Investigadores de la Universidad RMIT en Australia han desarrollado un minichip neuromórfico capaz de ver, procesar información y memorizar eventos en tiempo real, lo que representa un avance significativo en la integración de inteligencia artificial con capacidades humanas. Este chip, fabricado con disulfuro de molibdeno (MoS2), imita el comportamiento del ojo y cerebro humano, y podría mejorar la eficiencia de robots, vehículos autónomos y herramientas de IA como ChatGPT.
A diferencia de los sensores tradicionales, este dispositivo capta la luz, la convierte en señales eléctricas y reacciona al instante, todo sin necesidad de ordenadores externos. Gracias a su procesamiento analógico, consume menos energía y tiene la capacidad de almacenar recuerdos artificiales, lo que permite que las máquinas aprendan de su entorno. Esto marca un paso clave hacia tecnologías que respondan con mayor rapidez y precisión en situaciones reales.
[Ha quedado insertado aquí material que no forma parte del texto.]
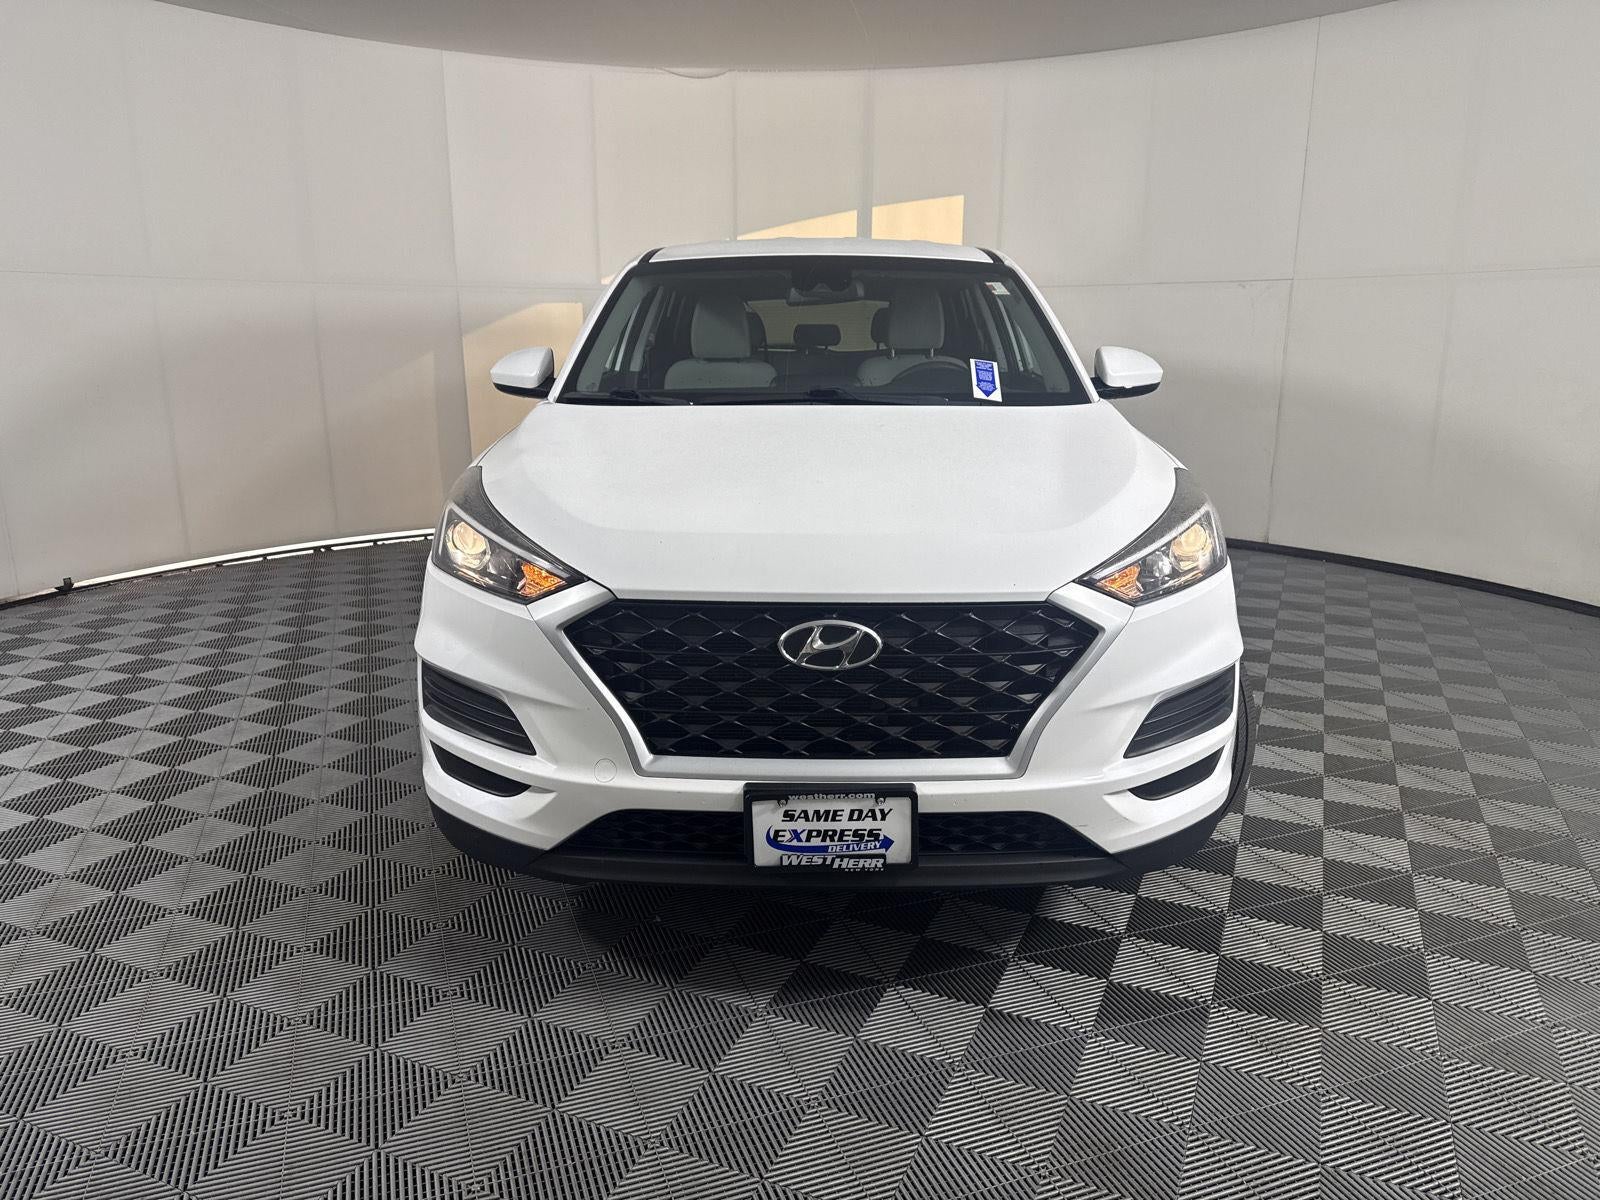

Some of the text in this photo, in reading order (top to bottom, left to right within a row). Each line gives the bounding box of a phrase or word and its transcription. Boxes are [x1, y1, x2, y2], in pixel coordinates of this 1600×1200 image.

[782, 808, 892, 822] SAME DAY
[773, 828, 882, 843] EXPRESS
[827, 841, 882, 853] DELIVERY
Este desarrollo no busca reemplazar los sistemas autónomos actuales, sino actuar como un complemento híbrido que eleve el rendimiento y reduzca los errores. El potencial uso del chip en interfaces cerebro-máquina, asistencia a personas con discapacidades y herramientas visuales en IA como ChatGPT, abre la puerta a una nueva generación de tecnologías más intuitivas y humanas.